NATIVE AMERICAN SCIENCE . A comprehensive understanding of Native American science presents a challenge because it is difficult to draw meaningful conclusions from the ideas, practices, and observations of hundreds of separate societies. Adding to the challenge is that Native American traditions were oral.

The Validity of Oral Traditions

The oral histories of American Indians are knowledge systems about the natural environment and how they sustain a social structure of mutual dependence that ensures the survival of future generations. These oral narratives lay out a background on which further descriptions weave a picture that originated in the minds of the ancients. The ability to visualize the narrative provides a sturdy framework on which to build an age-old lesson of ideologies and conceptual understanding. In this way Native Americans passed on a culture that sustained life for thousands of years. These narratives were not passed on by rote. Rather, they provided knowledge that was experienced and became embedded in the conscience. Often, skillfully articulated Native American knowledge was associated in complex ways with ritual or ceremony. The inhabitants of the Americas before European contact, in hundreds of distinct societies, maintained knowledge banks of such sophistication that modern scholars who study human antiquity are mystified as to the origin of such a keen understanding of nature.

Confidence in the historical authenticity of ancient narratives is seen to be weak because of a lack of written evidence, sanctioned genocide, and removal of children to missionary and government boarding schools thereby distorting American Indian cultural traditions.
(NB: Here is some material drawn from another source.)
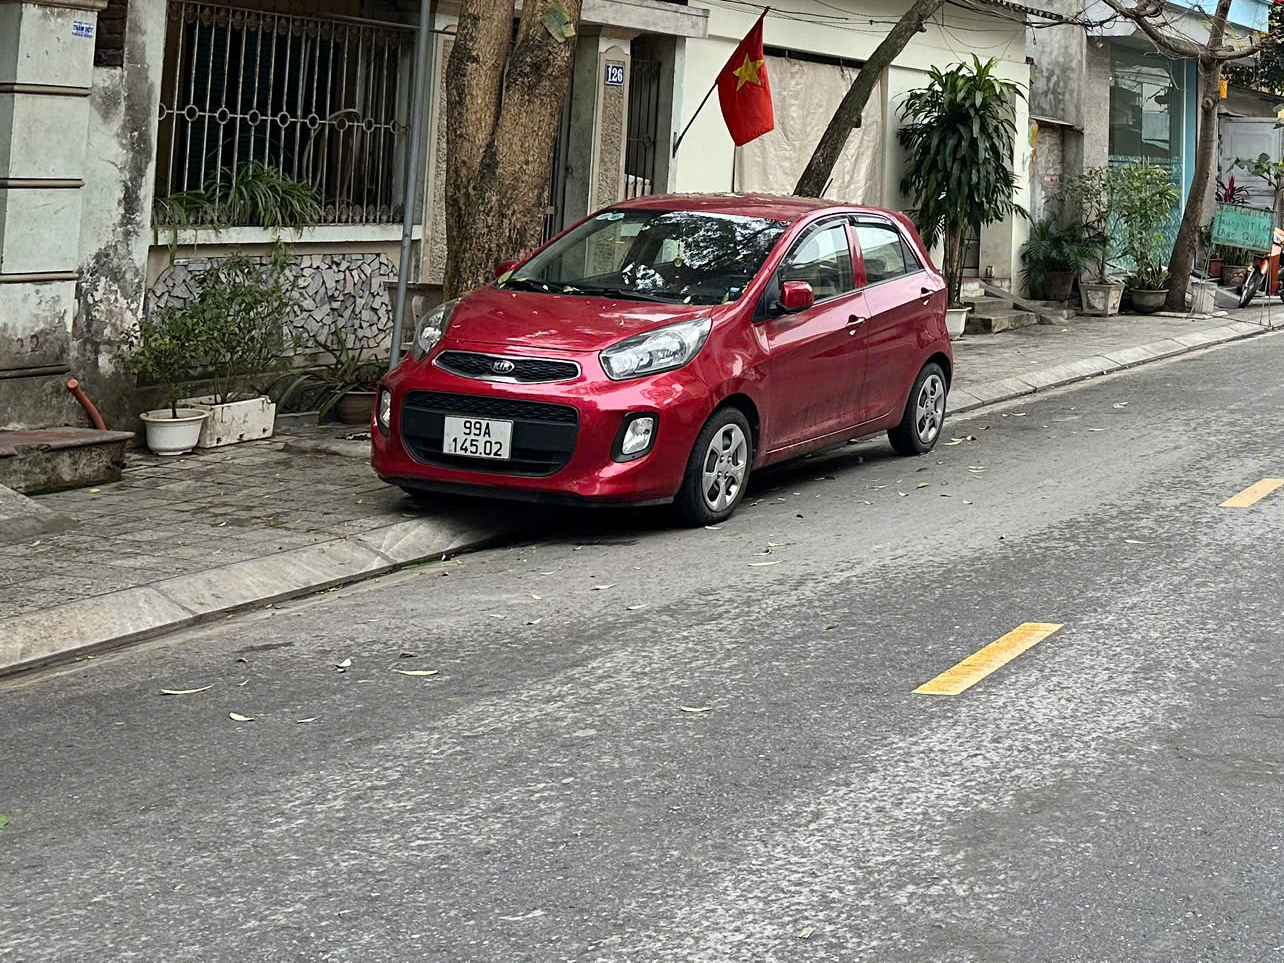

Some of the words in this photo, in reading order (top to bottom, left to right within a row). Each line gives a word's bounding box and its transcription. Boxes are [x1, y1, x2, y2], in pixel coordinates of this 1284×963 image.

Yet faulting oral traditions because they are not set in stone is applying too high a standard. Even in contemporary interpretations of translated ancient texts there are frequent conceptual misunderstandings. Misconceptions arise from struggles with foreign vernaculars expressing foreign worldviews and are compounded by provincial colloquialisms lacking modern equivalents.

Two Ways of Understanding the Natural World

The scientific method provides its practitioners with the authority to validate knowledge as objective truth. Objectivity, based on the absence of personal bias, is the foundation for the integrity of Western science. Some would argue, however, that objectivity is not a strength of the scientific enterprise; rather, it is its greatest weakness because it allows the experimenter to do "science for the sake of science," unencumbered by a subjective personal bias consisting of ethical and moral considerations. Advocates of science use the preemptive disclaimer that benefits outweigh risks to justify profit-driven research even where there are negative outcomes. As long as "objectivity" is equated with integrity, one can justify anything with equal impartiality, even making a nuclear bomb to destroy evil. The western scientific mind, in just a few hundred years, leaves behind the most imposing legacy of all time, a world full of side effects that generations to come will be forced to cope with, not the least of which is environmental degradation on a global scale.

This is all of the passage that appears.